The acetylene group-containing silicon compounds according to the invention are as starting materials suitable for the manufacture of various polymeric products, which are used for insulation purposes or as dielectric Find material use.

The silicon compounds produced according to the invention can also be mixed with other substances such as styrene, butadiene, vinyl chloride, vinyl acetate, various acrylates and methacrylates, acrylonitrile etc., are copolymerized. The ability to

530/485

G 11214 IVb / 12ο

Polymerizing the addition of other compounds as a result of the triple compound is the case with silicon-containing compounds Polymerization products are important for silicone rubber to vulcanize faster or faster Achieve drying with silicone varnishes.

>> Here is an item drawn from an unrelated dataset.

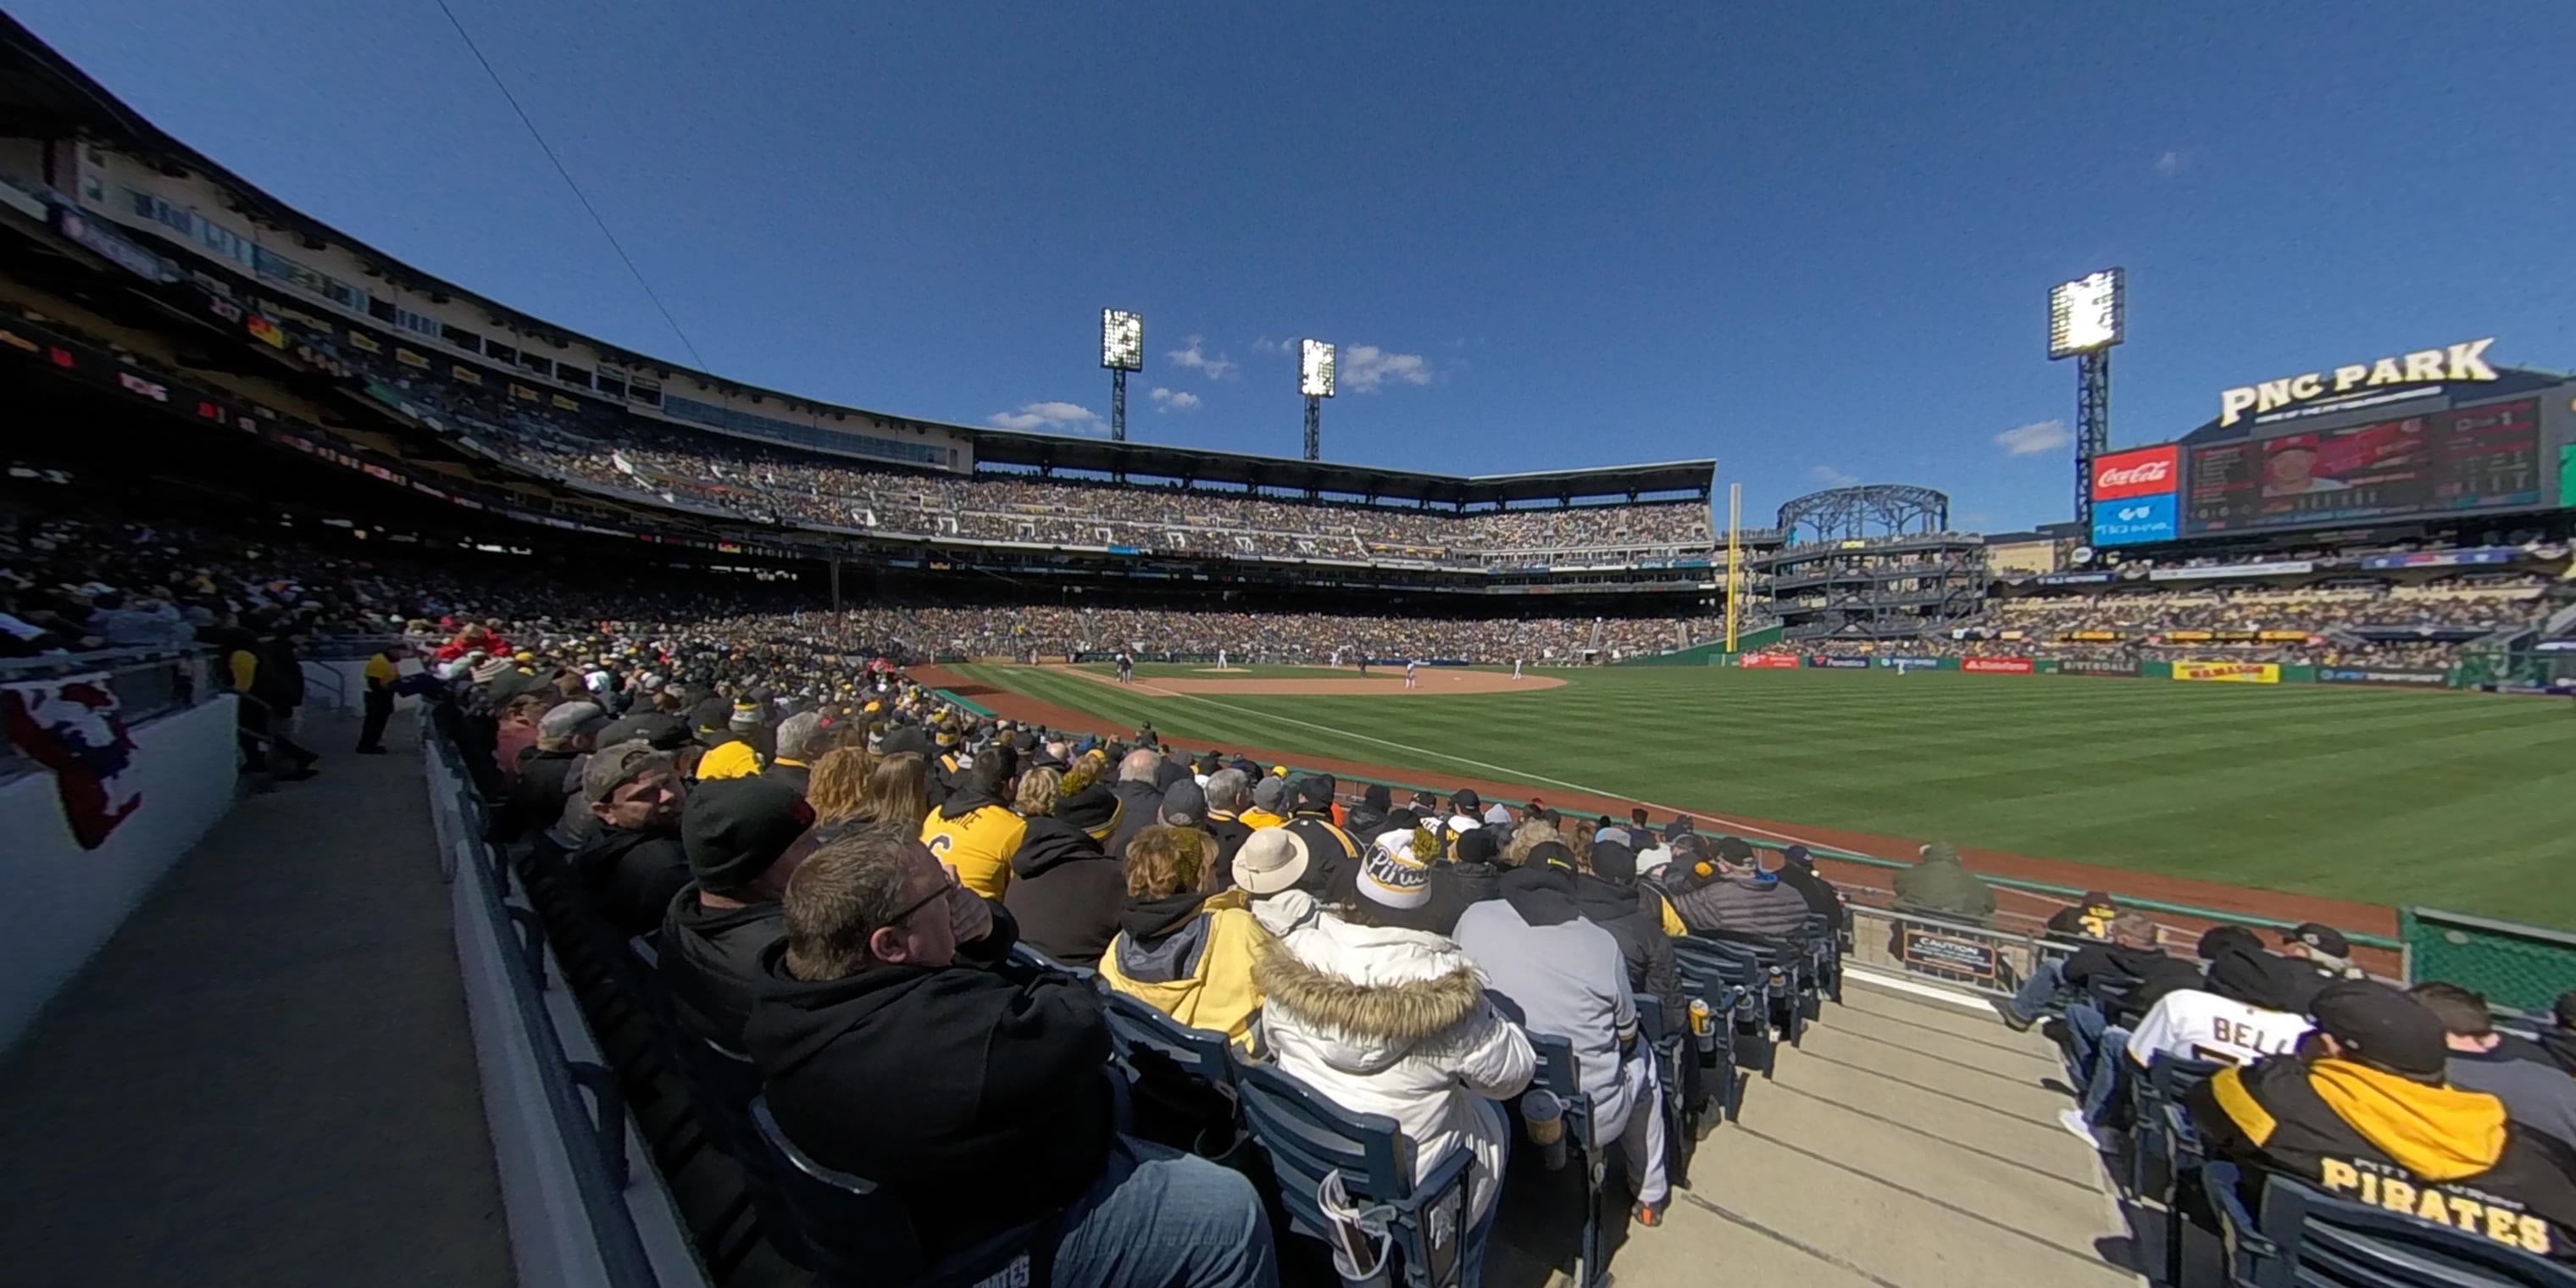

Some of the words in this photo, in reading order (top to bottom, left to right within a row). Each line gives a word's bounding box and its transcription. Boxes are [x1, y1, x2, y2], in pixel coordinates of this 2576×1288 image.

Tetraorganodisilyläthinverbindungen with silicon-bonded hydrolyzable groups can with advantage, e.g. B. with water, to be hydrolyzed to diol compounds, and the diols formed can

ίο on to polysiloxanes with disilylethine bonds polymerized, which are suitable for the production of silicone oils or alone or with others Organosiloxy units can be condensed into rubbers and plastics, which have good thermal stability have and additional interest because of their increased responsiveness due to the presence own the triple bond. Small amounts of the polysiloxanes can be used as additives to others unsaturated silicone synthetic resins with silicon-bonded hydrocarbon groups are used, which are copolymerizable or, through such additives, more easily in the infusible and insoluble State can be transferred.

Claims (1)

PATENT CLAIM: Process for the preparation of Tetraorganodihalogenäthinyldisilanen of the general formula R ₁ R ₂ X-Si-C = C-Si-X, in which X is halogen and R, R ₁ , R ₂ and R _{3 are} identical or different monovalent hydrocarbon radicals, characterized in that a Di-Grignard reagent of the general formula Y - Mg - C = C - Mg - Y, in which Y is halogen, is reacted with a diorganodihalosilane whose organic substituents R, R ₁ , R ₂ and R ₃ correspond. Cited publications: German Patent No. 853 350; British Patent No. 635 194.